### Assignment
The records below are to be reproduced exactly, with the pictures left out.

Saved data entries
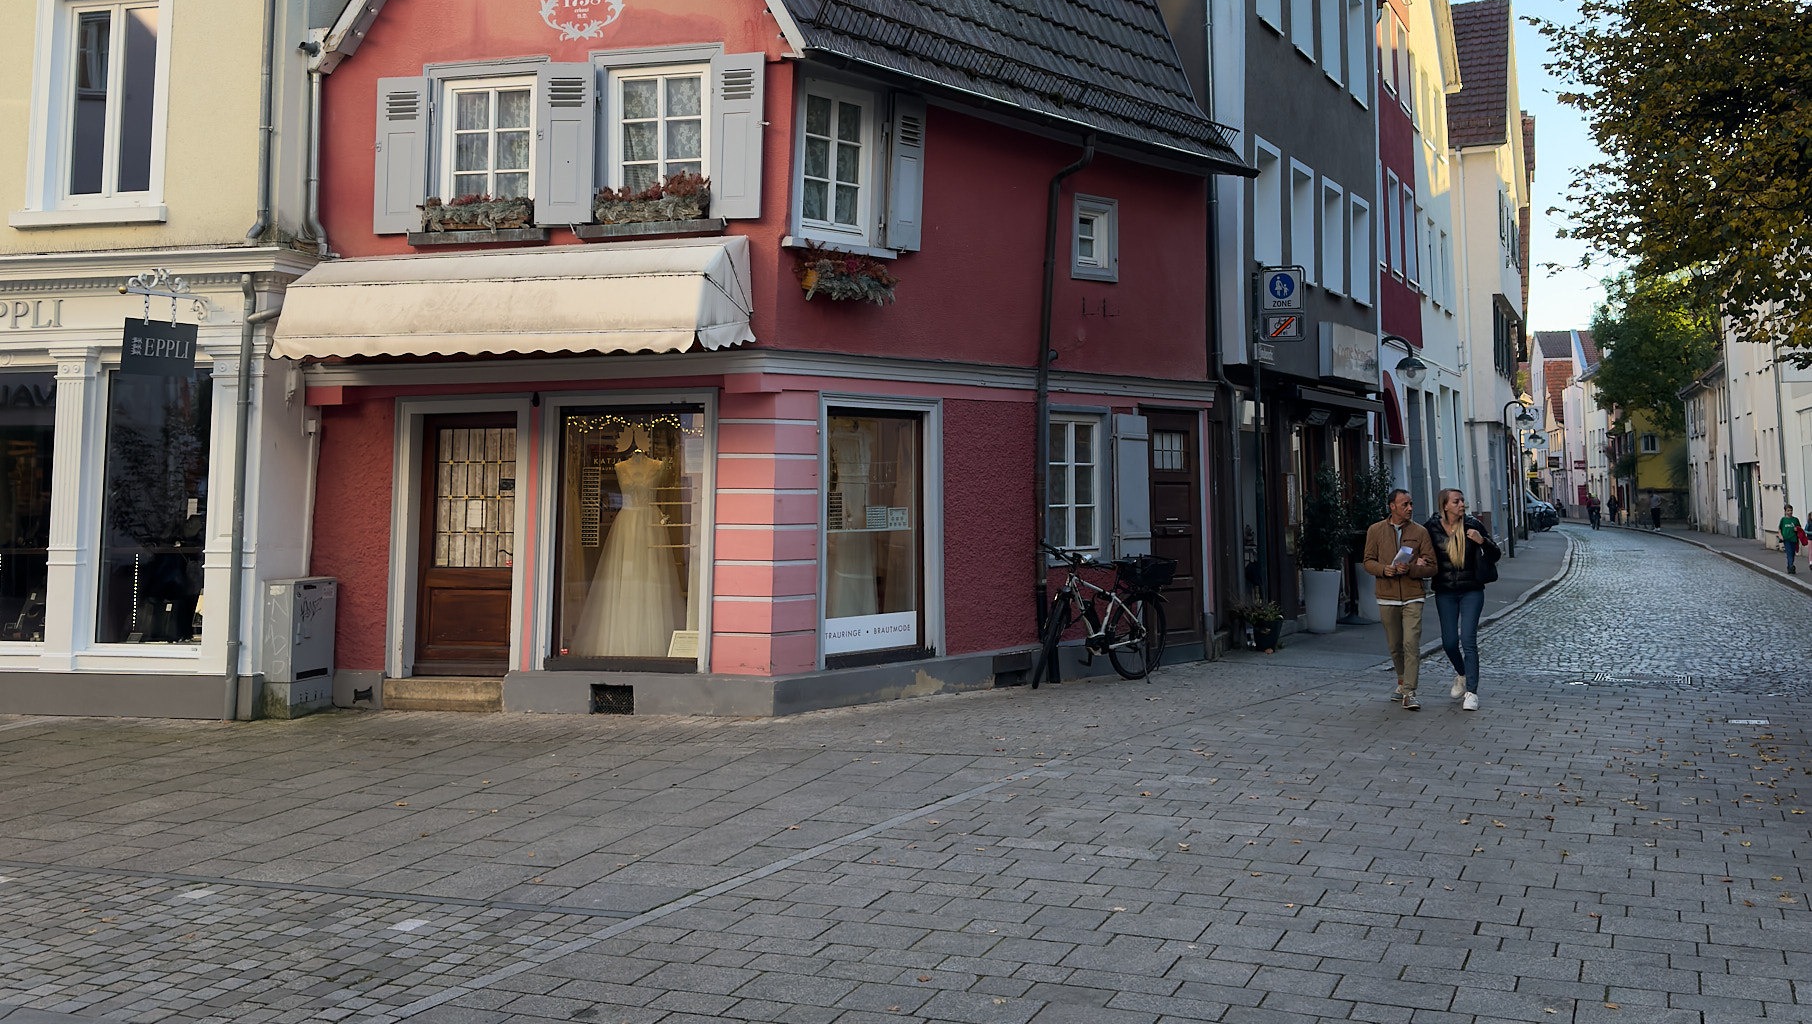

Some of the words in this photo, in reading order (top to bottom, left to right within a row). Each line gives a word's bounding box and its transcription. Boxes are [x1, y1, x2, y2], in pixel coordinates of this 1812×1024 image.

[144, 337, 190, 360] EPPLI
[825, 629, 861, 639] TRAURINGE
[873, 624, 910, 634] BRAUTMODE
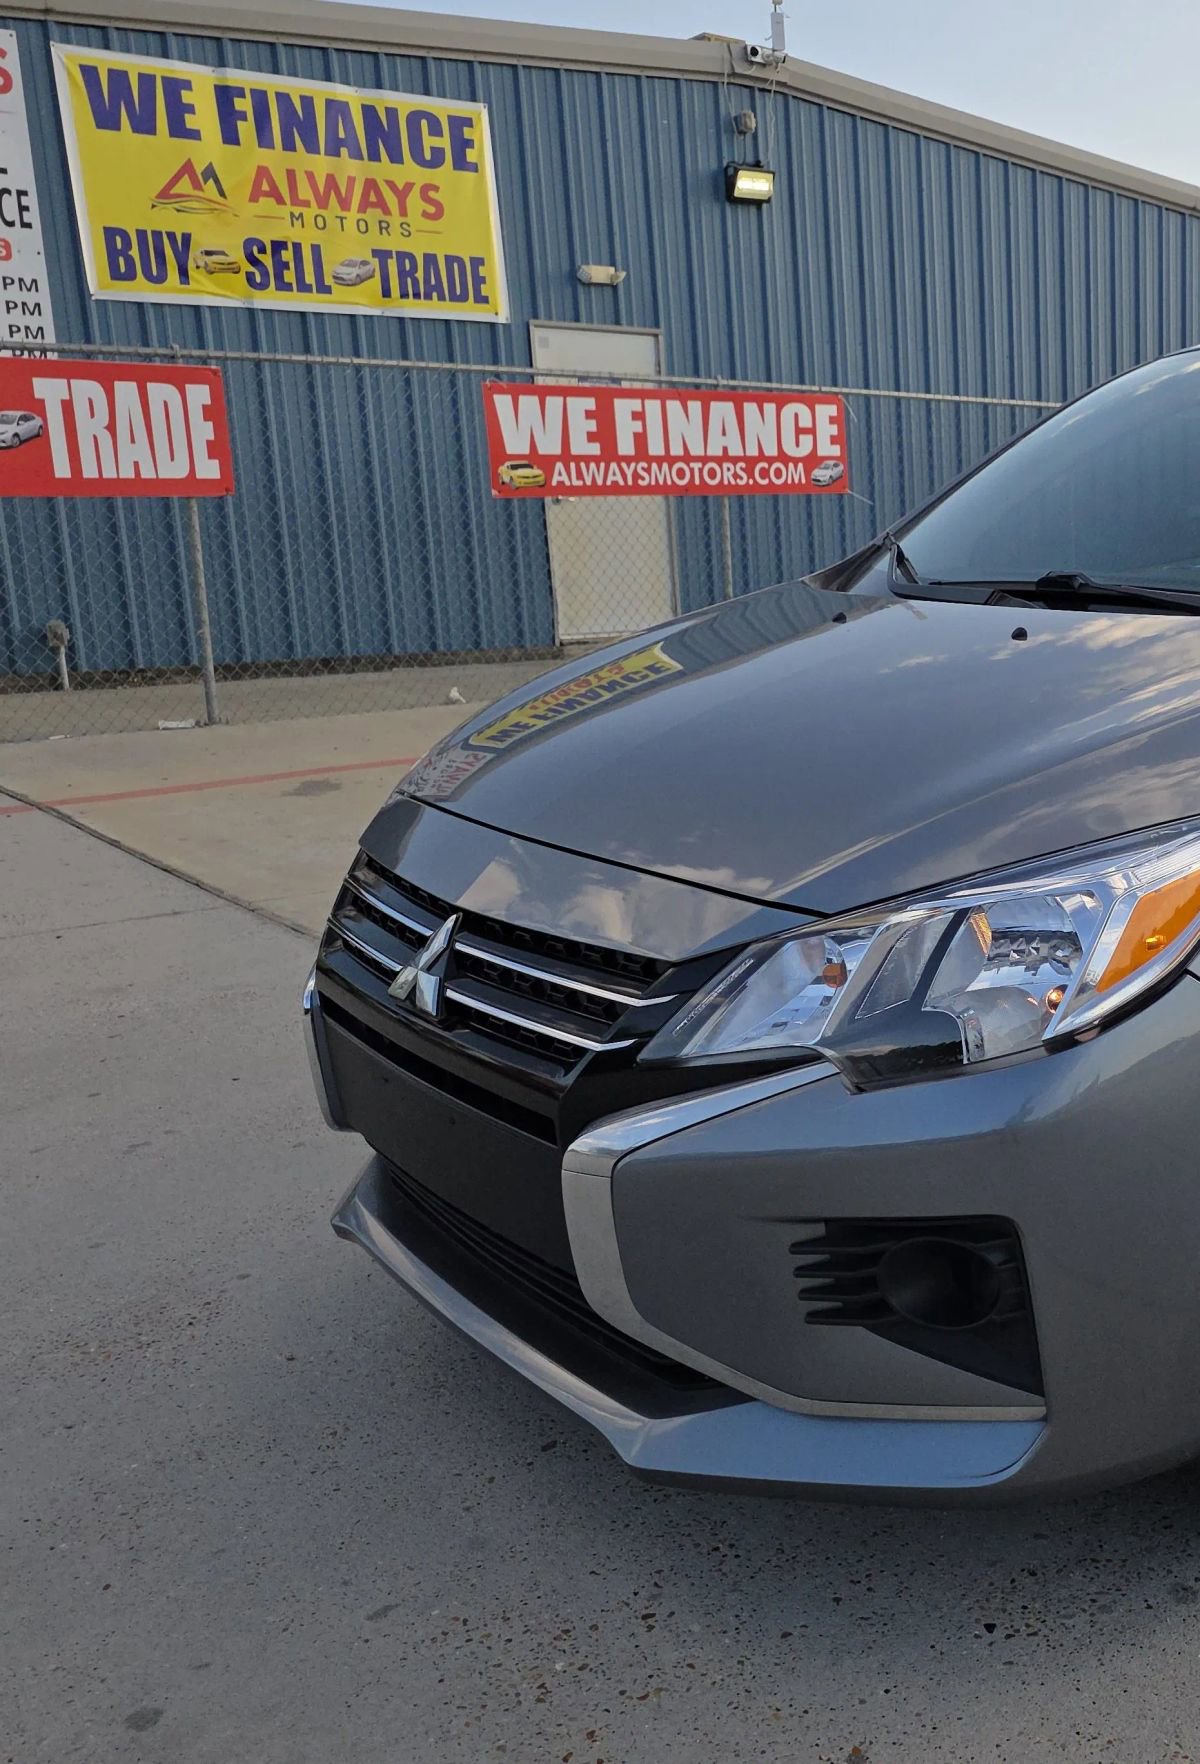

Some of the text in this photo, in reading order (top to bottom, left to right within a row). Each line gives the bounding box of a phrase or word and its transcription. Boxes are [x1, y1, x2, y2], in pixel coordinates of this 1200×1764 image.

[78, 64, 202, 142] WE
[213, 83, 479, 173] FINANCE
[248, 165, 445, 222] ALWAYS
[289, 211, 413, 238] MOTORS
[1, 275, 40, 293] PM
[102, 226, 490, 305] BUY SELL TRADE
[5, 299, 43, 317] PM
[8, 323, 46, 341] PM
[31, 376, 221, 480] TRADE
[493, 393, 842, 458] WE FINANCE
[551, 461, 806, 487] ALWAYSMOTORS.COM
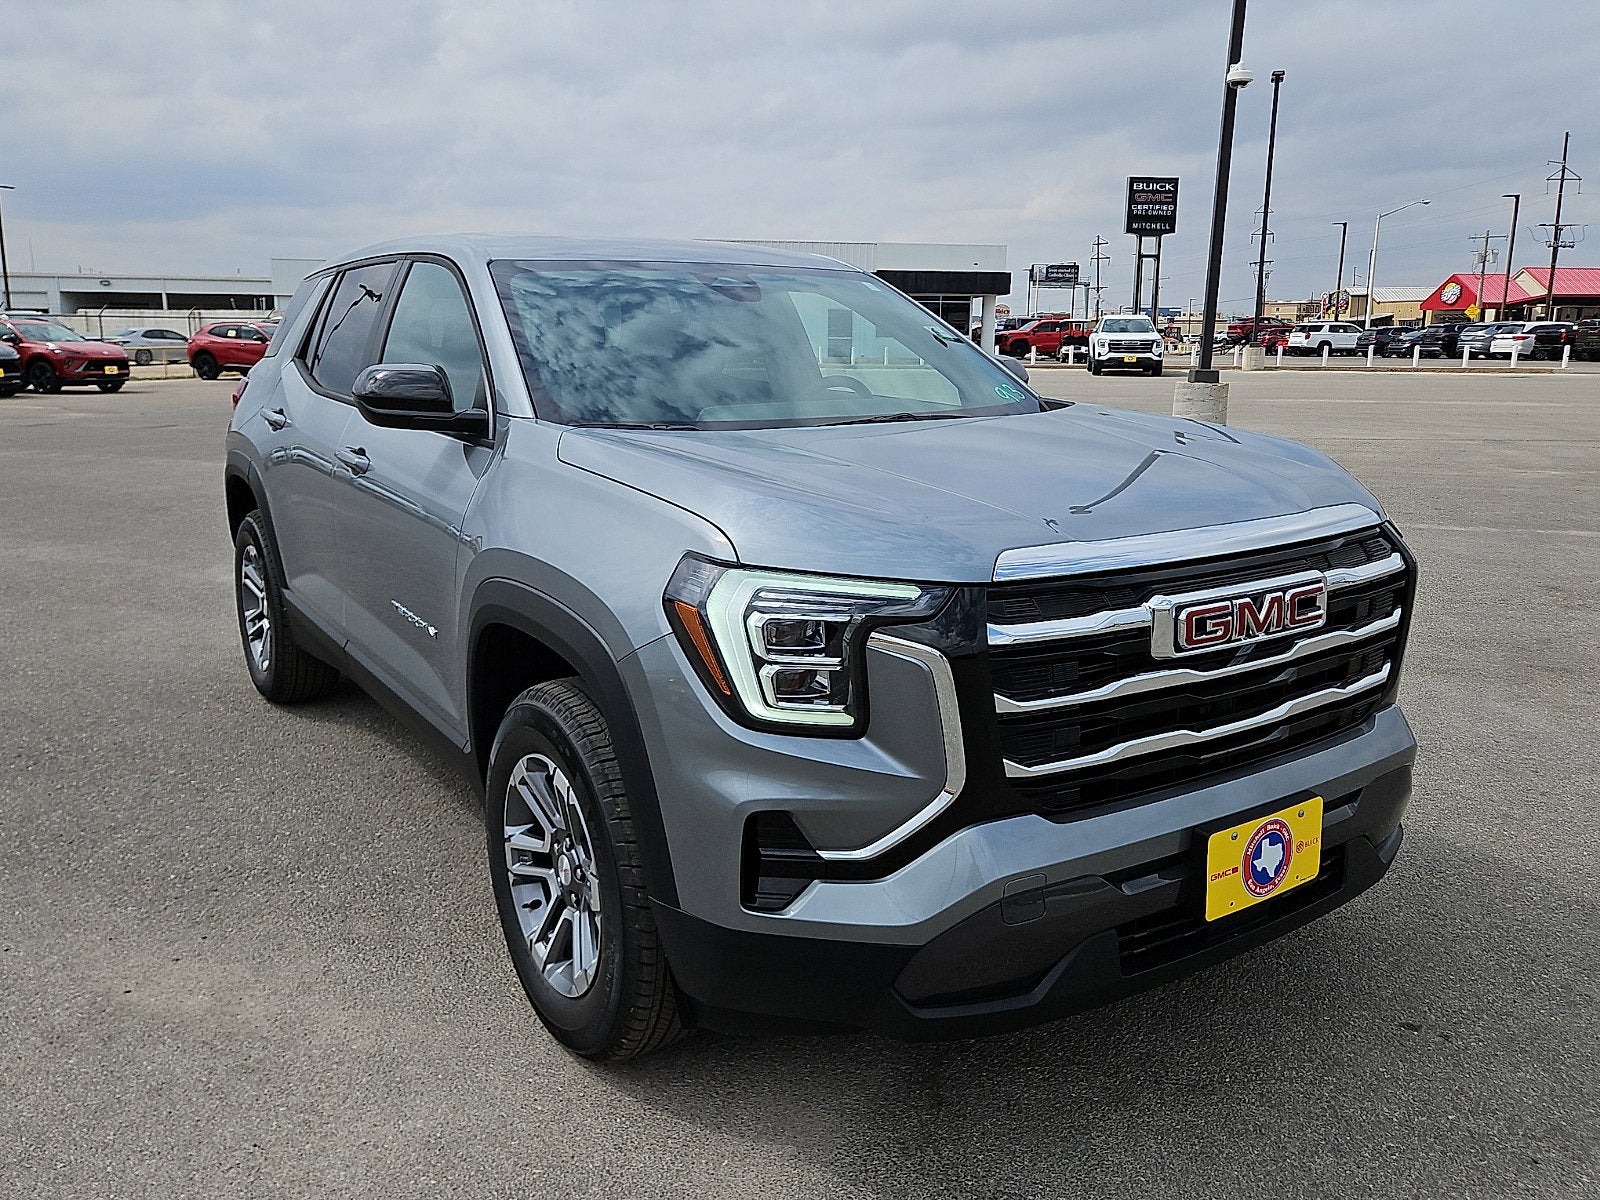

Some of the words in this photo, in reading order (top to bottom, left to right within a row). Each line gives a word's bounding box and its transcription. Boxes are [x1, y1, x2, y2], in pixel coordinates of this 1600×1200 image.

### Answer section
Some of the words in this photo, in reading order (top to bottom, left to right within a row). Each line gives a word's bounding box and its transcription. Boxes are [x1, y1, x2, y2], in pixel coordinates of this 1812×1024 image.

[144, 337, 190, 360] EPPLI
[825, 629, 861, 639] TRAURINGE
[873, 624, 910, 634] BRAUTMODE

Some of the text in this photo, in reading order (top to bottom, left to right within a row). Each line gives the bounding box of a phrase or word and its transcription. Boxes are [x1, y1, x2, y2], in pixel coordinates of this 1200×1764 image.

[78, 64, 202, 142] WE
[213, 83, 479, 173] FINANCE
[248, 165, 445, 222] ALWAYS
[289, 211, 413, 238] MOTORS
[1, 275, 40, 293] PM
[102, 226, 490, 305] BUY SELL TRADE
[5, 299, 43, 317] PM
[8, 323, 46, 341] PM
[31, 376, 221, 480] TRADE
[493, 393, 842, 458] WE FINANCE
[551, 461, 806, 487] ALWAYSMOTORS.COM

Some of the words in this photo, in reading order (top to bottom, left to right within a row). Each line gives a word's bounding box and its transcription. Boxes are [x1, y1, x2, y2], in pixel coordinates of this 1600×1200 image.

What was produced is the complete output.